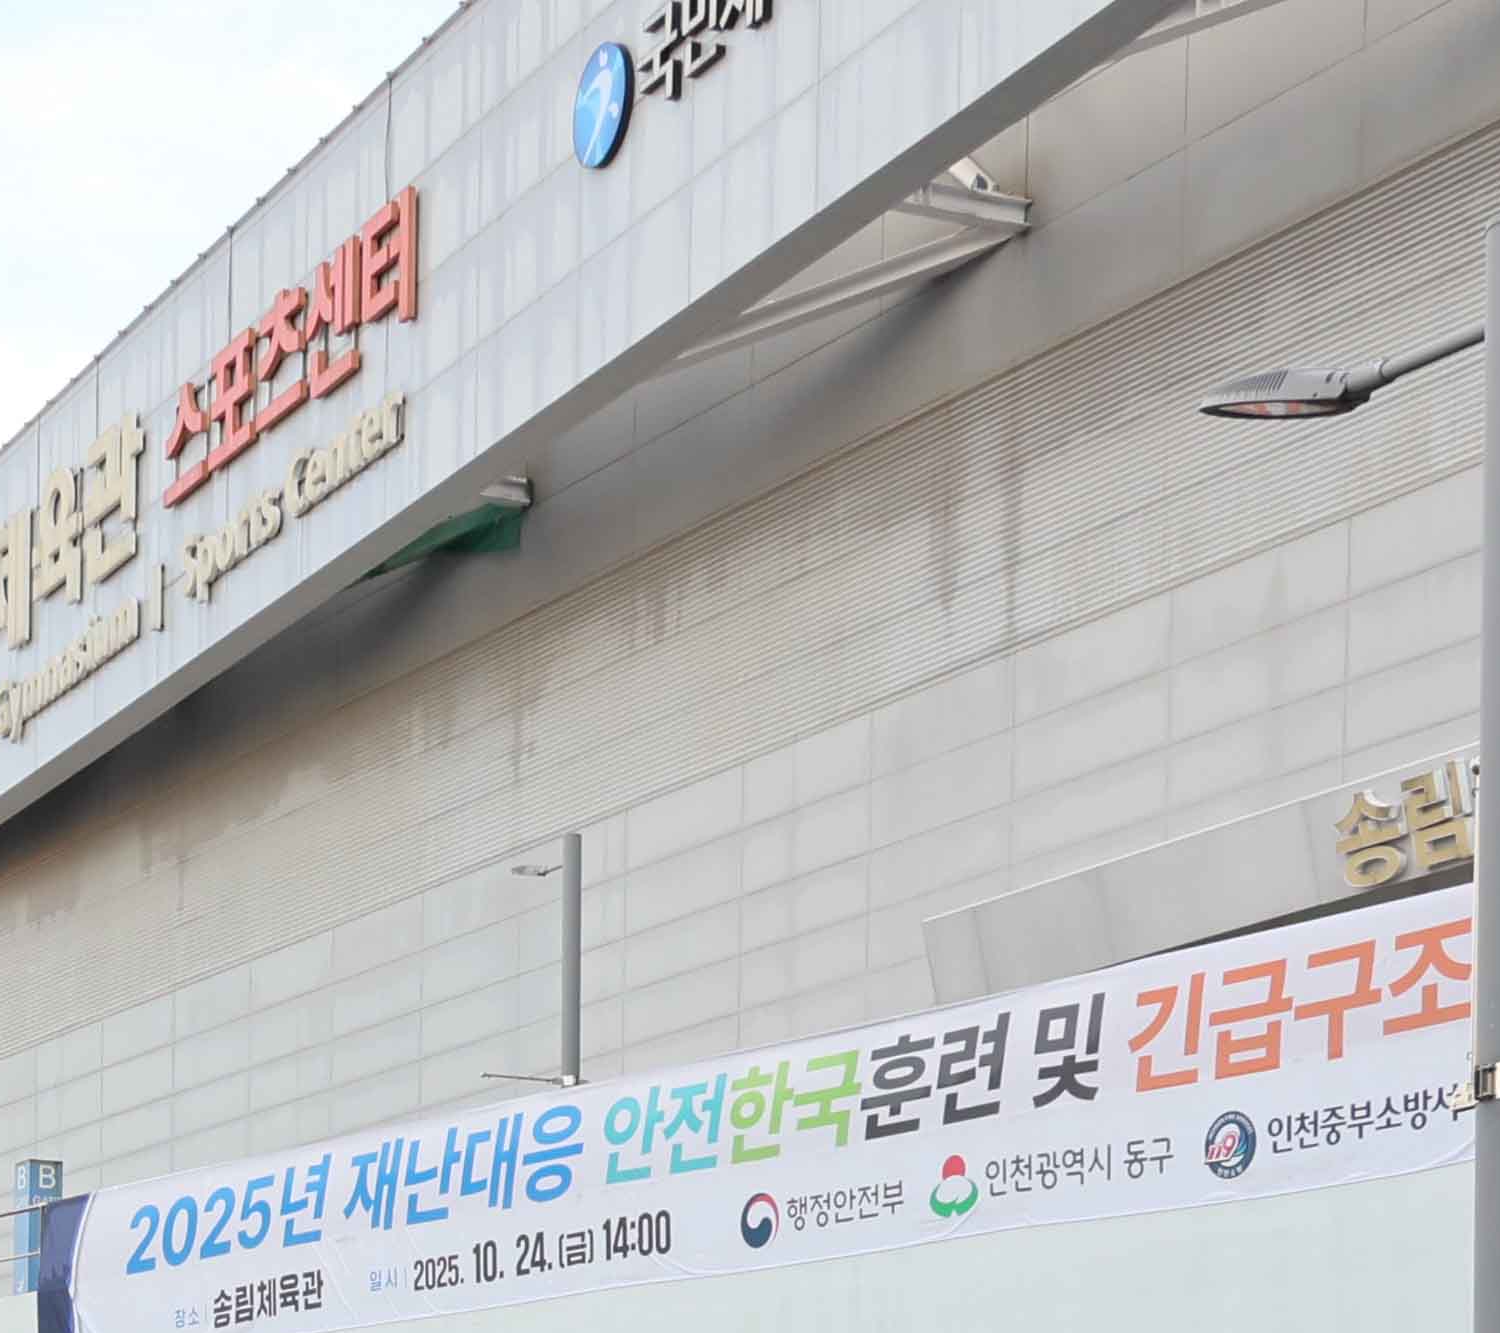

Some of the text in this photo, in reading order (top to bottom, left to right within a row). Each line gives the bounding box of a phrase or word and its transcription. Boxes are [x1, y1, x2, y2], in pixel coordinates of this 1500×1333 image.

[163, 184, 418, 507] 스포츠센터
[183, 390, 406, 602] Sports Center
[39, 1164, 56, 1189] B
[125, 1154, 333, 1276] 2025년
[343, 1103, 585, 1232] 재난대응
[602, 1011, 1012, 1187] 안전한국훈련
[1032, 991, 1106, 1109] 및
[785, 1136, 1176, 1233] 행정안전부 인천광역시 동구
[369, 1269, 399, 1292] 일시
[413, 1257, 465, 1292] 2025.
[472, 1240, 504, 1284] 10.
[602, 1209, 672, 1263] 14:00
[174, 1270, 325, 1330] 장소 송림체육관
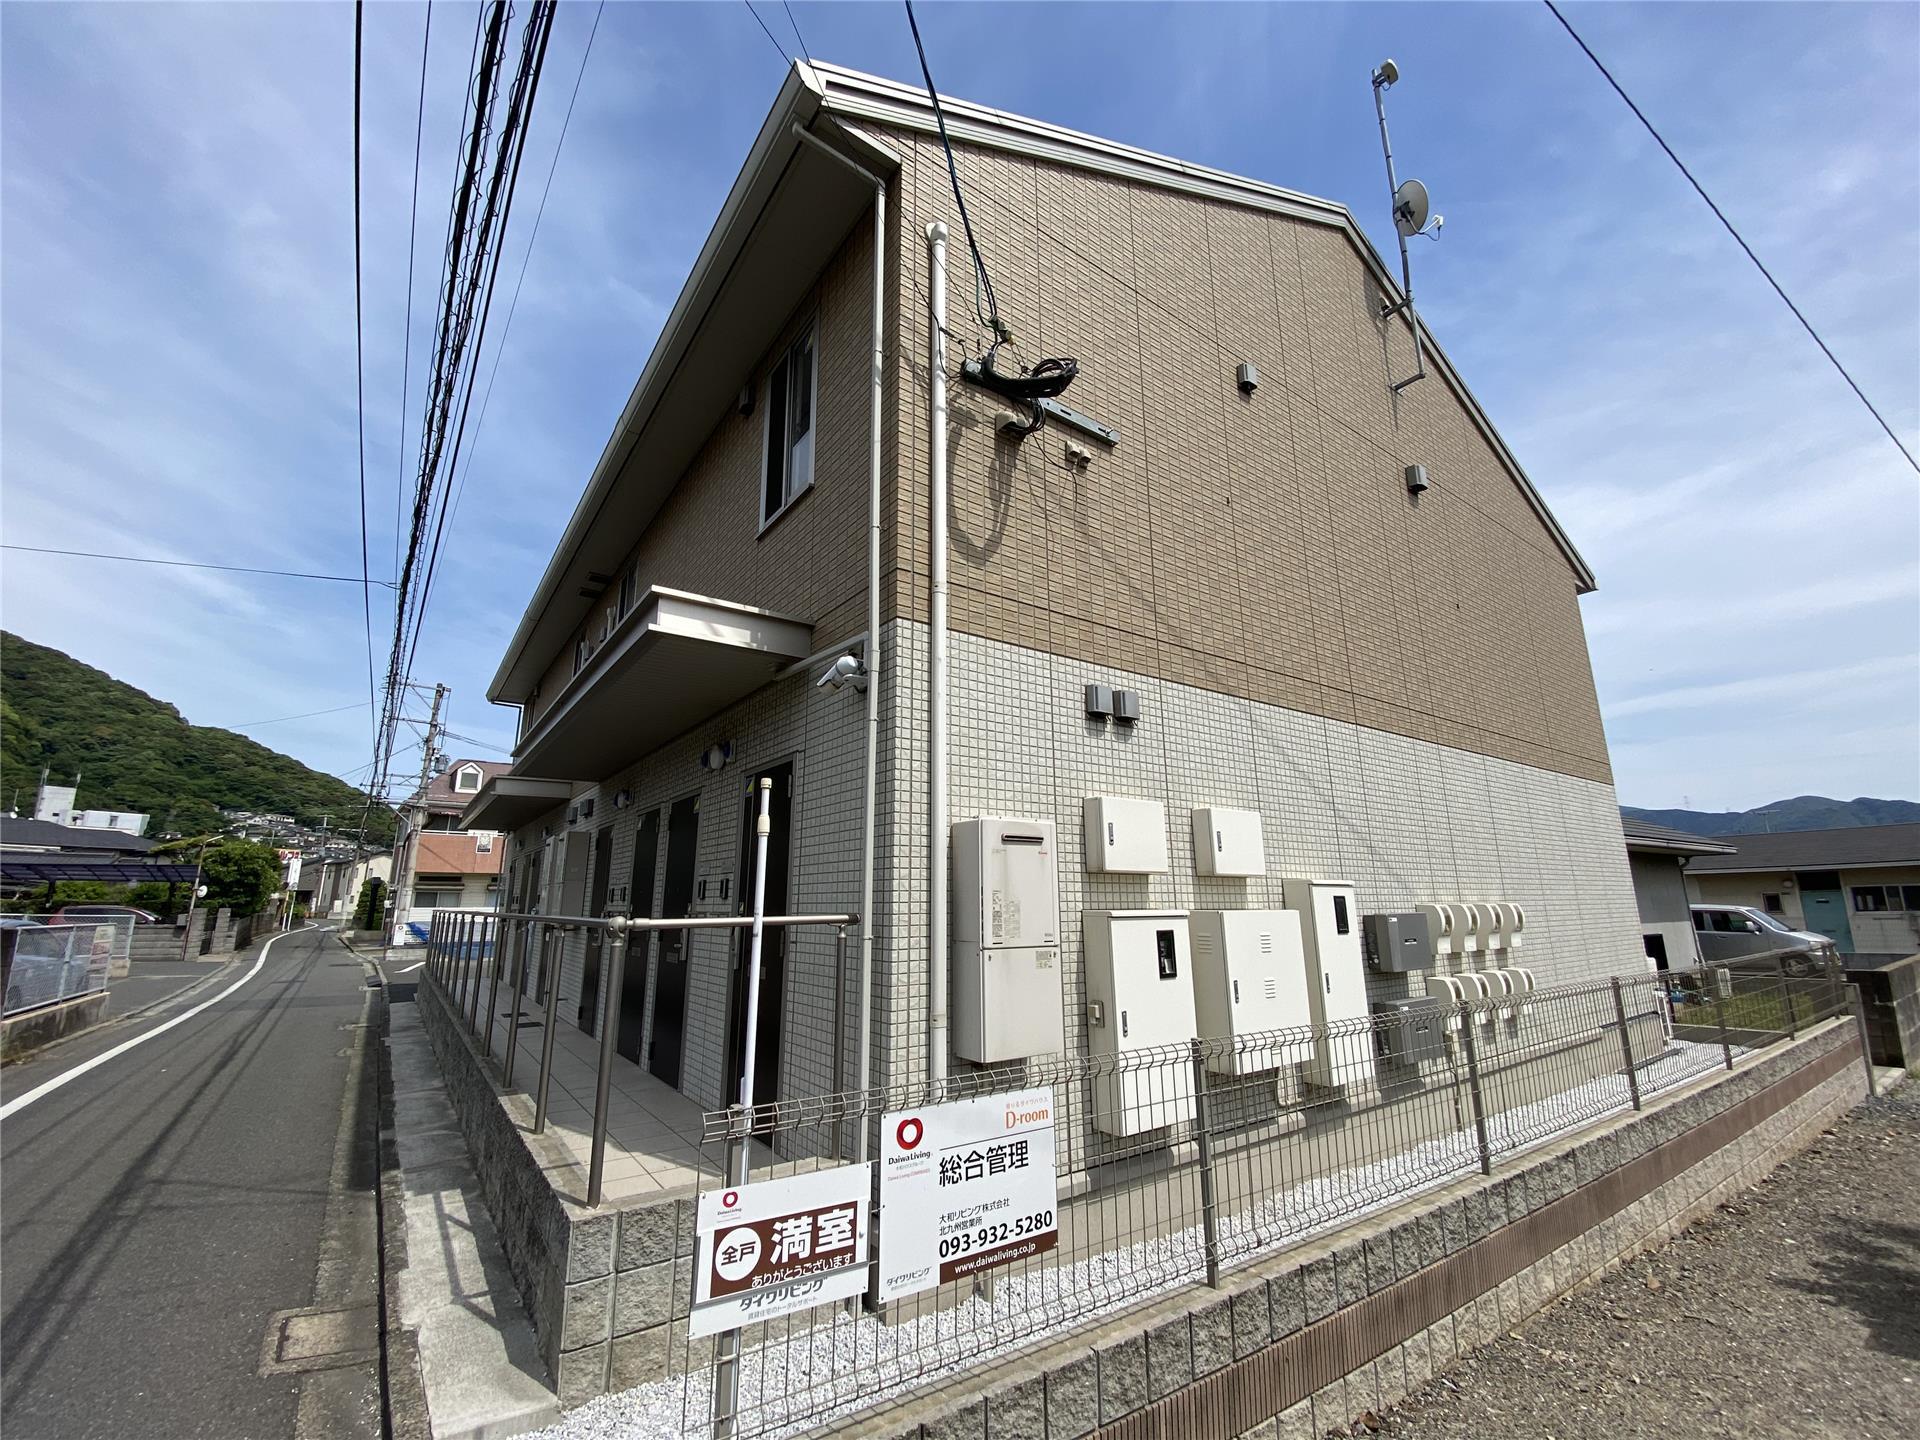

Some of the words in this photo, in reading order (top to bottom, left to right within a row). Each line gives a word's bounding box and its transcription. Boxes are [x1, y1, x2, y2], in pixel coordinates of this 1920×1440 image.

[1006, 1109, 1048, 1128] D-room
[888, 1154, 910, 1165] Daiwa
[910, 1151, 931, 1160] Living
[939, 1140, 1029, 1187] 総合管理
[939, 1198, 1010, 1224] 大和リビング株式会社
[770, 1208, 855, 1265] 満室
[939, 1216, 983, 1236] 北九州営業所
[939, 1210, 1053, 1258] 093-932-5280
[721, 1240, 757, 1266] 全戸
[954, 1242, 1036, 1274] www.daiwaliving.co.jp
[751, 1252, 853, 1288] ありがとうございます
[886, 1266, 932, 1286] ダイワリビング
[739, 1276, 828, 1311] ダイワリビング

- - - - -

(Exercise prompt)
Retype the data above exactly, dropping every picture.

(Response to the task)
Some of the text in this photo, in reading order (top to bottom, left to right within a row). Each line gives the bounding box of a phrase or word and its transcription. Boxes are [x1, y1, x2, y2], in pixel coordinates of this 1500×1333 image.

[163, 184, 418, 507] 스포츠센터
[183, 390, 406, 602] Sports Center
[39, 1164, 56, 1189] B
[125, 1154, 333, 1276] 2025년
[343, 1103, 585, 1232] 재난대응
[602, 1011, 1012, 1187] 안전한국훈련
[1032, 991, 1106, 1109] 및
[785, 1136, 1176, 1233] 행정안전부 인천광역시 동구
[369, 1269, 399, 1292] 일시
[413, 1257, 465, 1292] 2025.
[472, 1240, 504, 1284] 10.
[602, 1209, 672, 1263] 14:00
[174, 1270, 325, 1330] 장소 송림체육관

Some of the words in this photo, in reading order (top to bottom, left to right within a row). Each line gives a word's bounding box and its transcription. Boxes are [x1, y1, x2, y2], in pixel coordinates of this 1920×1440 image.

[1006, 1109, 1048, 1128] D-room
[888, 1154, 910, 1165] Daiwa
[910, 1151, 931, 1160] Living
[939, 1140, 1029, 1187] 総合管理
[939, 1198, 1010, 1224] 大和リビング株式会社
[770, 1208, 855, 1265] 満室
[939, 1216, 983, 1236] 北九州営業所
[939, 1210, 1053, 1258] 093-932-5280
[721, 1240, 757, 1266] 全戸
[954, 1242, 1036, 1274] www.daiwaliving.co.jp
[751, 1252, 853, 1288] ありがとうございます
[886, 1266, 932, 1286] ダイワリビング
[739, 1276, 828, 1311] ダイワリビング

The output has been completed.